Jamie Caulk in hospitalWhen we were at Vanderbilt, Mike and I were in with Jamie praying over him. I felt someone in the room and opened my eyes and looked at the foot of bed. There she was…an Organ Requester.

What are you doing in here, I asked.

“Well I heard you wanted to donate your son’s organs by having his heart stop beating first.”

No, you heard wrong, I said. I don’t appreciate appreciate you coming in my son’s room and discussing this in front of him, didn’t you see we were praying?” “Now please leave you are not getting one organ from my son.”

Current regulations require hospitals across the United States to notify the Organ Procurement Agencies when a patient is in a coma. If it is a federally funded hospital they can lose their funding if they do not notify them.

The Uniform Anatomical Gift Act (UAGA) assigns explicit priority to the donor’s expressed intent so that consent for organ donation becomes irrevocable and does not require the consent or agreement of any person after the donor’s death.

The donor’s authorization to donate, recorded on an organ donor card, the individual’s driver’s license, or a donor registry, becomes a legally binding advance directive. The UAGA amendment enables OPOs to procure organs without family consent and in certain instances after family refusal to donate.

Organ Procurement Organizations

The OPO at Vanderbilt asked us if they could go ahead and start running tests on Jamie to see if he was suitable for donation.

Andrew-David Caulk My son, Andrew spoke up before any of us could, “No, you are not doing that, you are only hastening my brother’s death, we want him to wake up, you are NOT doing any tests.”

Organ Procurement Organizations have set goals to get your organs, with an average of 75% being the norm.

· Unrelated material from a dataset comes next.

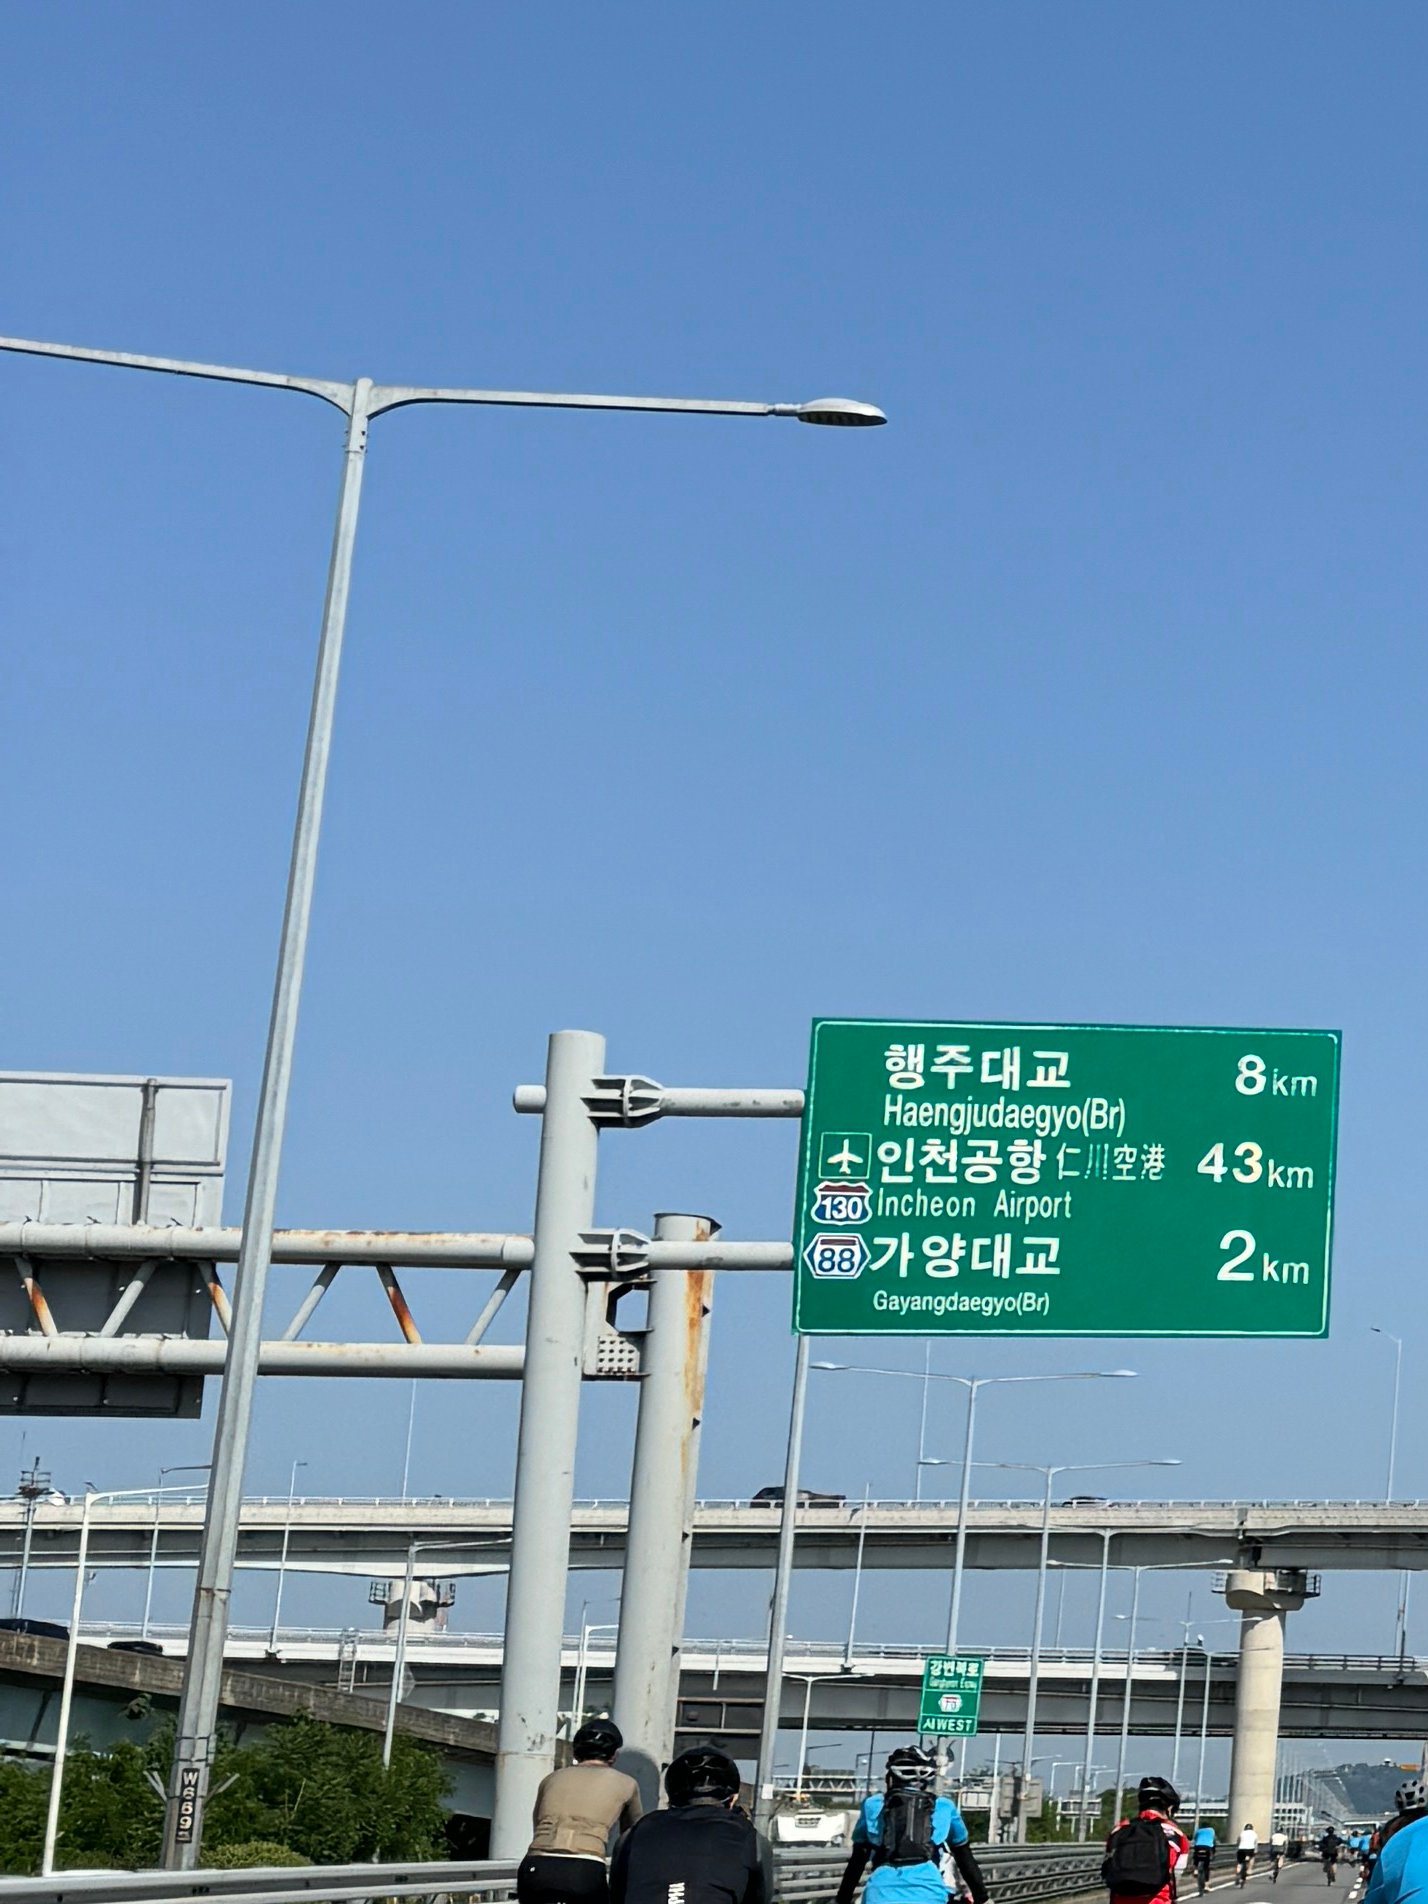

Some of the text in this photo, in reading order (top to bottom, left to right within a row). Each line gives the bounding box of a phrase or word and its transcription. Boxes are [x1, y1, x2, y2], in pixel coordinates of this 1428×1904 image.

The Revised UAGA changes the default “non-donation” with “intent to donate” by presuming that a person automatically wants to donate. In the current default option “intent to donate” everything is done medically to ensure the stability of the patient until the OPO’s can determine the medical suitability of the person as a perspective donor.

However, under mandated consent the OPO’s would not have to even ask or request permission because the removal of organs would be compulsory.

Mandatory consent overrides the health care directive that many wise people have written for their end of life care.

One of the critical issue’s with the non heart beating donor is by waiting 2-5 minutes (depending on which hospital you are in and what their protocol is) overrides the “dead donor rule”. I have posted here that by pronouncing death it rules out that the harvesting of the organs causes the death of the person.

NHBD is a donor whose death is defined by “irreversible cessation of circulatory and respiratory functions” as opposed to “irreversible cessation of all functions of the entire brain, including the brainstem” (Uniform Determination of Death Act, 12 Uniform Laws Annotated 320.

If you believe as I and many other’s do that a brain dead person, is not truly dead, you will still be approached to consider your loved one being a non-heart beating donor.

What to do when you are approached about donation by cardiac death

Prior to donation, the patient will be given heparin and phentolamine (Regitine), they are taken off life support, the heart will stop for 2-5 minutes, or they will check your pulse for just a very few seconds and pronounce you dead.  You will be resuscitated, put back on life support and the harvesting will begin.

My recommendation is:

1) Do not allow heparin or phentolamine drugs. Heparin and phentolamine would NOT be drugs given to a patient care unless they were considering organ donation. In certain patients under certain circumstances, these drugs may actively hasten death. They are only used to enhance organ quality.

2) Understand that non-beating heart donation is a way to increase organ donation’s.  By removing you from life support before you have died  and for some reason can not be called brain dead.

3) Do not let them start to take blood and tissue samples.

4) Do not let them cannulate. This is a when they insert a tube into the artery in the femoral artery and femoral vein prior to withdrawal of life support. Cannulation is done so that organs can cooled and preserved to improve transplant outcomes.

5) Non-heart beating donation is a fall back to get organs when they can’t proclaim brain death.